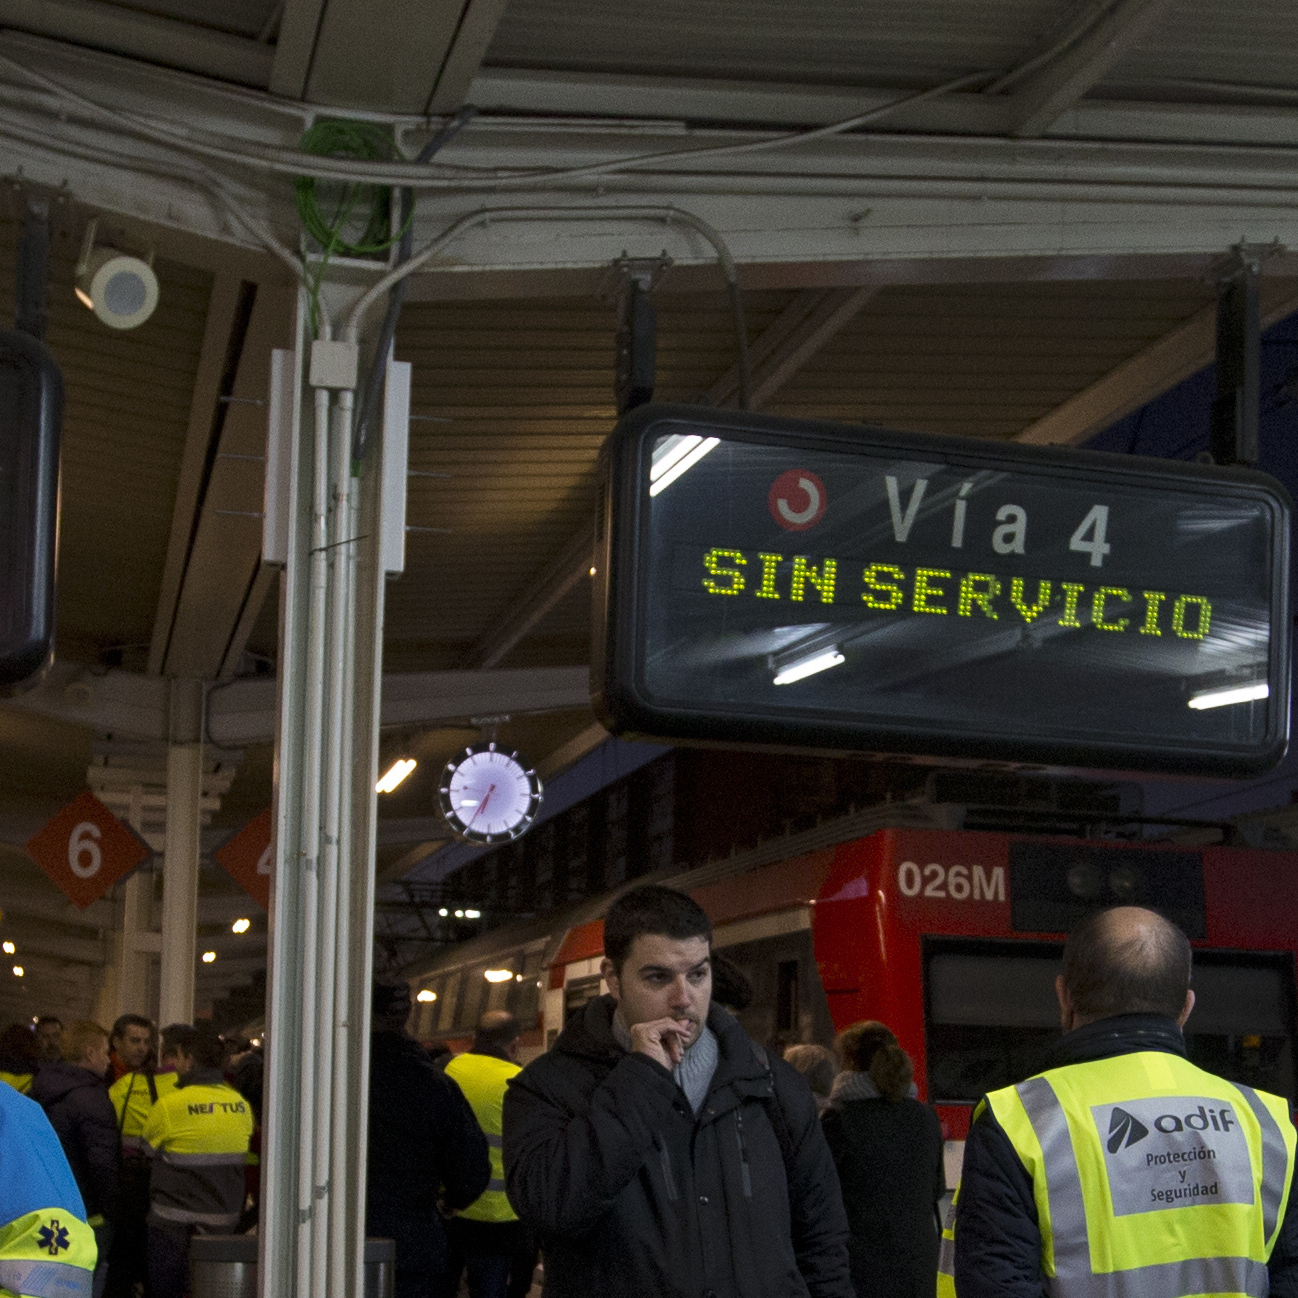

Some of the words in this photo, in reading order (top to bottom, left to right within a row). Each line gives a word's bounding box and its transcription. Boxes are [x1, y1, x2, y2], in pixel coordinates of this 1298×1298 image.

[884, 475, 1026, 554] Vía
[1069, 503, 1111, 567] 4
[702, 546, 837, 604] SIN
[862, 562, 1214, 640] SERVICIO
[67, 822, 103, 878] 6
[898, 861, 1005, 902] 026M
[1154, 1105, 1234, 1134] adif
[1146, 1146, 1216, 1166] Protección
[1151, 1182, 1219, 1203] Seguridad
[1178, 1170, 1187, 1183] y
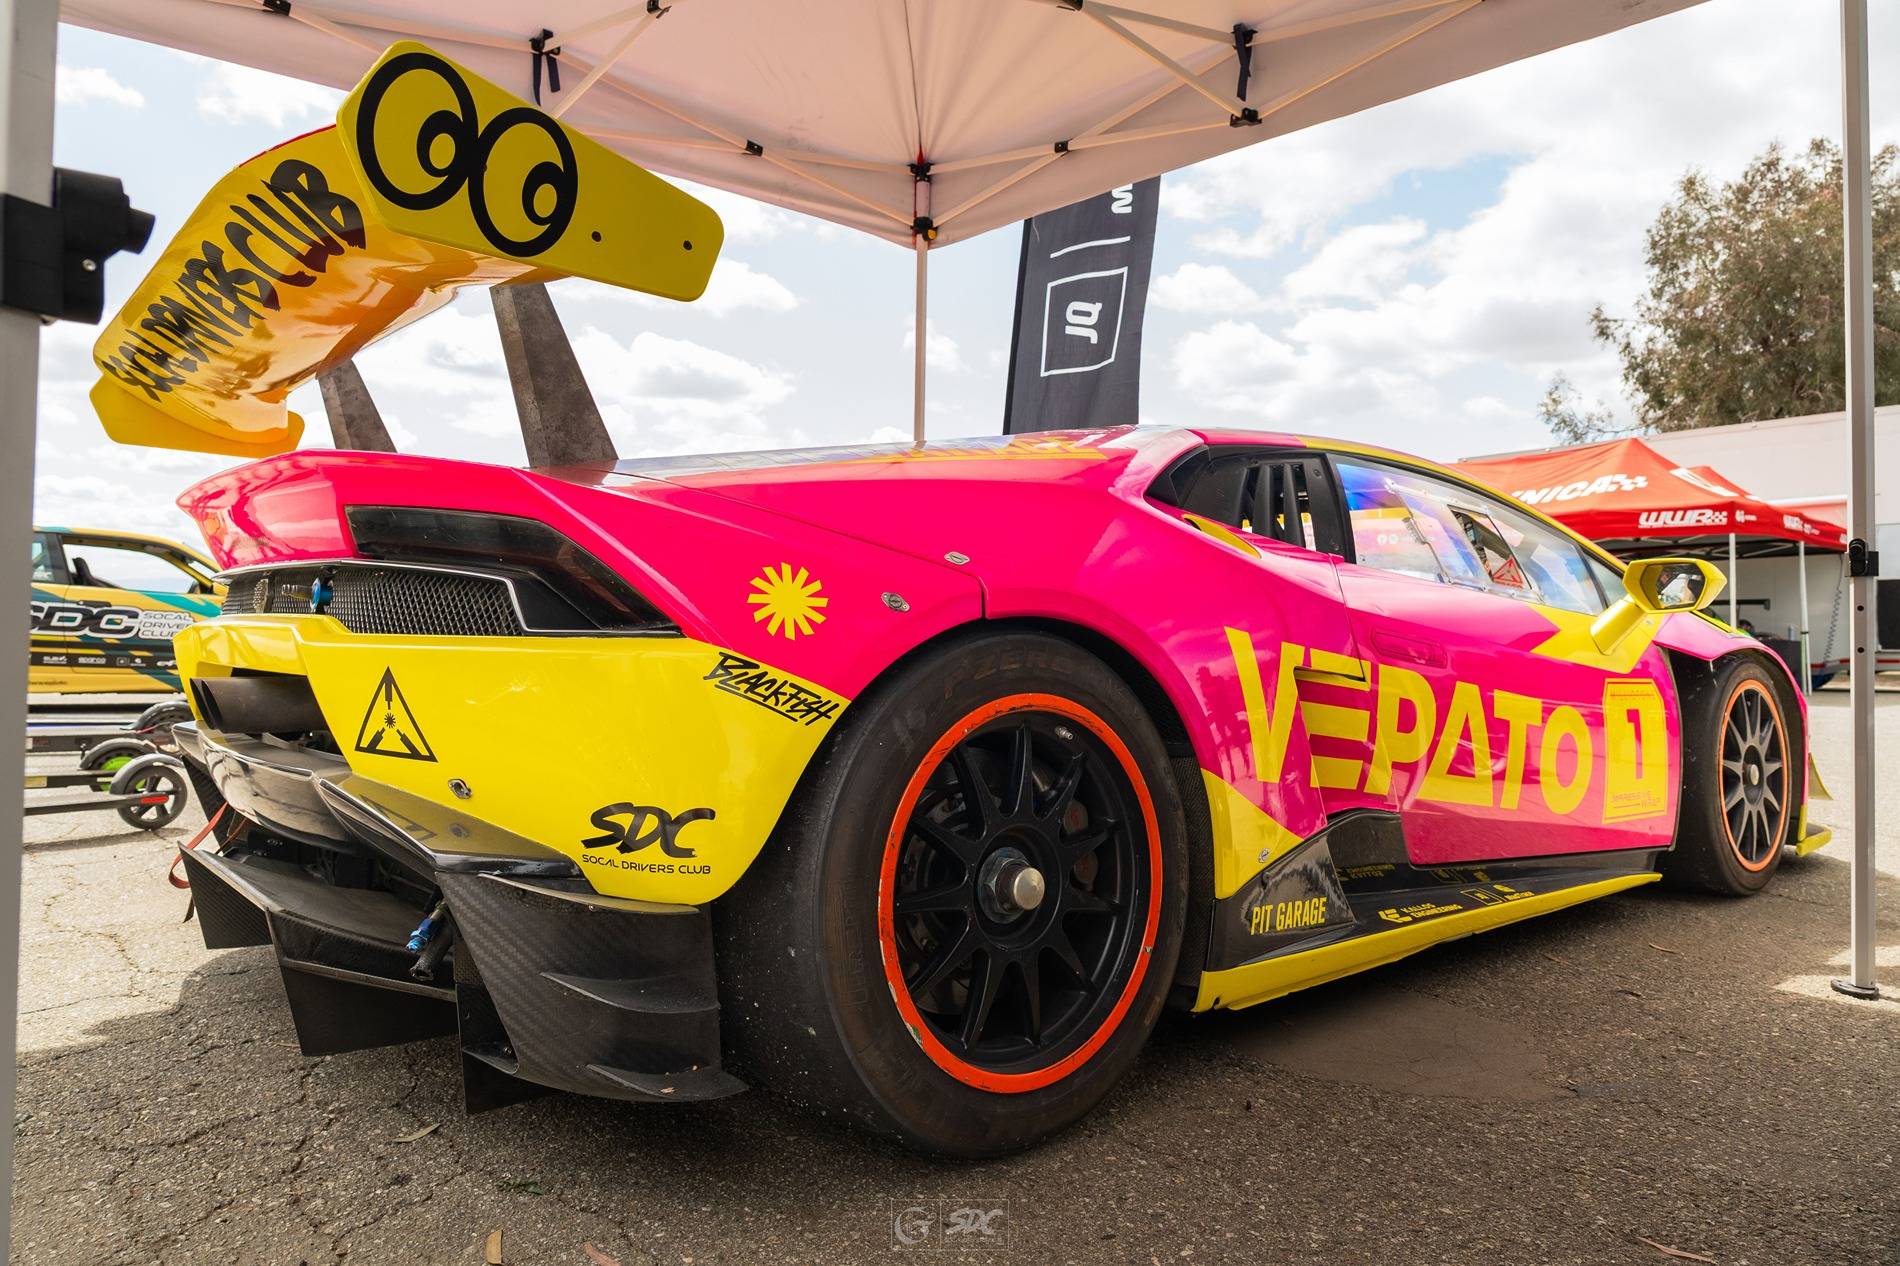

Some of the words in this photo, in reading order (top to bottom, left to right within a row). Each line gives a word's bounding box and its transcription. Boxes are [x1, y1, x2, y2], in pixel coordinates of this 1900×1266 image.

[224, 159, 367, 288] CLUB
[1638, 508, 1714, 528] WWR
[143, 612, 192, 621] SOCAL
[1224, 626, 1593, 815] VEPATO
[581, 802, 716, 859] SDC
[581, 854, 620, 868] SOCAL
[621, 860, 675, 874] DRIVERS
[678, 864, 711, 875] CLUB
[1250, 904, 1274, 936] PIT
[1275, 896, 1328, 932] GARAGE
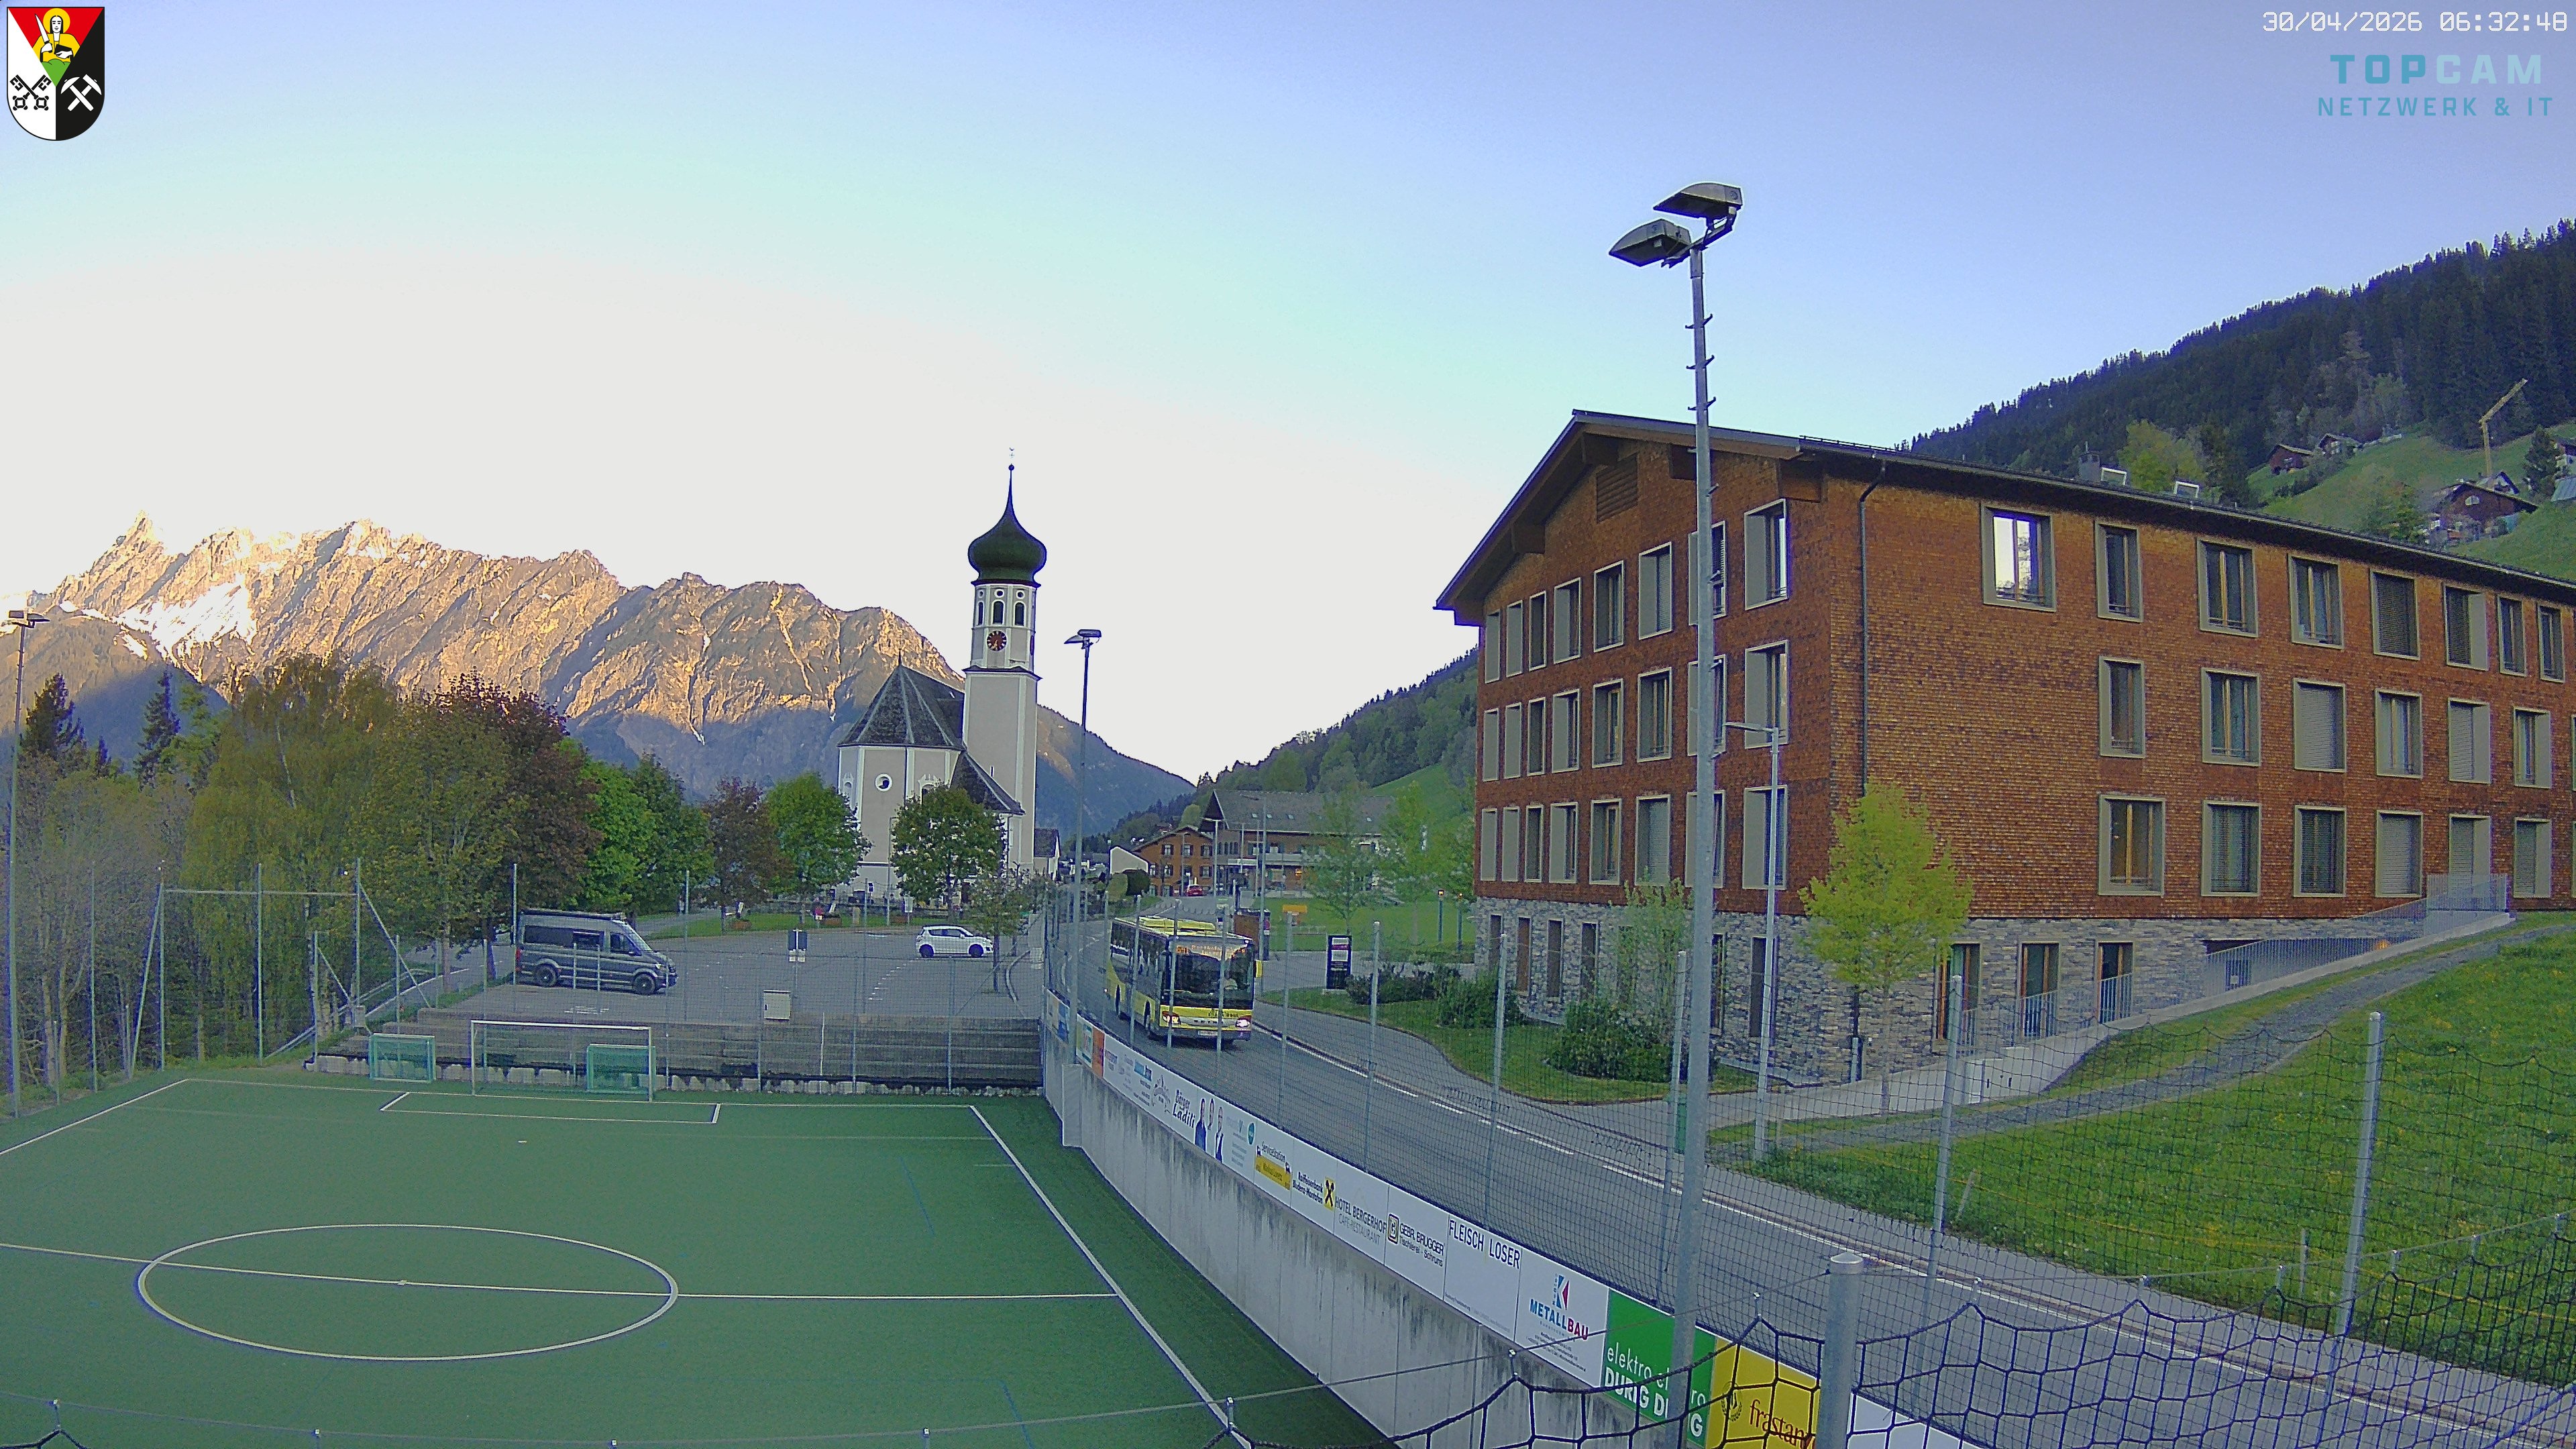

What to work on
Starting with the line that contains "this 1900×1266 image." and ending with the last line of the material, every line must be written out exactly; no other lines and no pictures are wanted.

Finished exercise
Some of the words in this photo, in reading order (top to bottom, left to right within a row). Each line gives a word's bounding box and its transcription. Boxes are [x1, y1, x2, y2], in pixel coordinates of this 1900×1266 image.

[224, 159, 367, 288] CLUB
[1638, 508, 1714, 528] WWR
[143, 612, 192, 621] SOCAL
[1224, 626, 1593, 815] VEPATO
[581, 802, 716, 859] SDC
[581, 854, 620, 868] SOCAL
[621, 860, 675, 874] DRIVERS
[678, 864, 711, 875] CLUB
[1250, 904, 1274, 936] PIT
[1275, 896, 1328, 932] GARAGE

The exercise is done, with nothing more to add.